> _EXERCISE OBJECTIVE_
Write the records out again, precisely as they stand.

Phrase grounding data
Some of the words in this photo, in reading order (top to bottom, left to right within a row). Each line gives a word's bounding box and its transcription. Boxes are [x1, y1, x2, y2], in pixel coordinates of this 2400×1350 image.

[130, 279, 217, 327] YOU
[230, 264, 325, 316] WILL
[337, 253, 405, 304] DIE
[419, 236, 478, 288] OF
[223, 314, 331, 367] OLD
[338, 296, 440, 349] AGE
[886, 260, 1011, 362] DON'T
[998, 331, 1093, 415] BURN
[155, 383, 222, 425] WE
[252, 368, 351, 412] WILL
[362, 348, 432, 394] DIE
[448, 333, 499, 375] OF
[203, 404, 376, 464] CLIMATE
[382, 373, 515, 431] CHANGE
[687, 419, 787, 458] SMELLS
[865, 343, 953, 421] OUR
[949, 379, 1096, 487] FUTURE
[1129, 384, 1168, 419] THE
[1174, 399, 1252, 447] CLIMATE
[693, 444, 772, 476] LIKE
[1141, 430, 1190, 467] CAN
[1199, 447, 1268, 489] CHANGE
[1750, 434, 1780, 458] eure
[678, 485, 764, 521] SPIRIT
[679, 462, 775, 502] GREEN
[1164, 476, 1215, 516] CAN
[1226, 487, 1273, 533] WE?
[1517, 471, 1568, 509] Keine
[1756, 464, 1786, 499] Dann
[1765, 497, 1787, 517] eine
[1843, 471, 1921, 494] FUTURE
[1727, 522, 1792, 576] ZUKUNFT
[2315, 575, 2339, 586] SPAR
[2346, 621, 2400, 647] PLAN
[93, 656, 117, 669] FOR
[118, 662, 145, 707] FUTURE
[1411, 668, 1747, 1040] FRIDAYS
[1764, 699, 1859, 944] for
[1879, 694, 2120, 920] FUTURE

> _TASK RESULT_
Some of the words in this photo, in reading order (top to bottom, left to right within a row). Each line gives a word's bounding box and its transcription. Boxes are [x1, y1, x2, y2], in pixel coordinates of this 2400×1350 image.

[130, 279, 217, 327] YOU
[230, 264, 325, 316] WILL
[337, 253, 405, 304] DIE
[419, 236, 478, 288] OF
[223, 314, 331, 367] OLD
[338, 296, 440, 349] AGE
[886, 260, 1011, 362] DON'T
[998, 331, 1093, 415] BURN
[155, 383, 222, 425] WE
[252, 368, 351, 412] WILL
[362, 348, 432, 394] DIE
[448, 333, 499, 375] OF
[203, 404, 376, 464] CLIMATE
[382, 373, 515, 431] CHANGE
[687, 419, 787, 458] SMELLS
[865, 343, 953, 421] OUR
[949, 379, 1096, 487] FUTURE
[1129, 384, 1168, 419] THE
[1174, 399, 1252, 447] CLIMATE
[693, 444, 772, 476] LIKE
[1141, 430, 1190, 467] CAN
[1199, 447, 1268, 489] CHANGE
[1750, 434, 1780, 458] eure
[678, 485, 764, 521] SPIRIT
[679, 462, 775, 502] GREEN
[1164, 476, 1215, 516] CAN
[1226, 487, 1273, 533] WE?
[1517, 471, 1568, 509] Keine
[1756, 464, 1786, 499] Dann
[1765, 497, 1787, 517] eine
[1843, 471, 1921, 494] FUTURE
[1727, 522, 1792, 576] ZUKUNFT
[2315, 575, 2339, 586] SPAR
[2346, 621, 2400, 647] PLAN
[93, 656, 117, 669] FOR
[118, 662, 145, 707] FUTURE
[1411, 668, 1747, 1040] FRIDAYS
[1764, 699, 1859, 944] for
[1879, 694, 2120, 920] FUTURE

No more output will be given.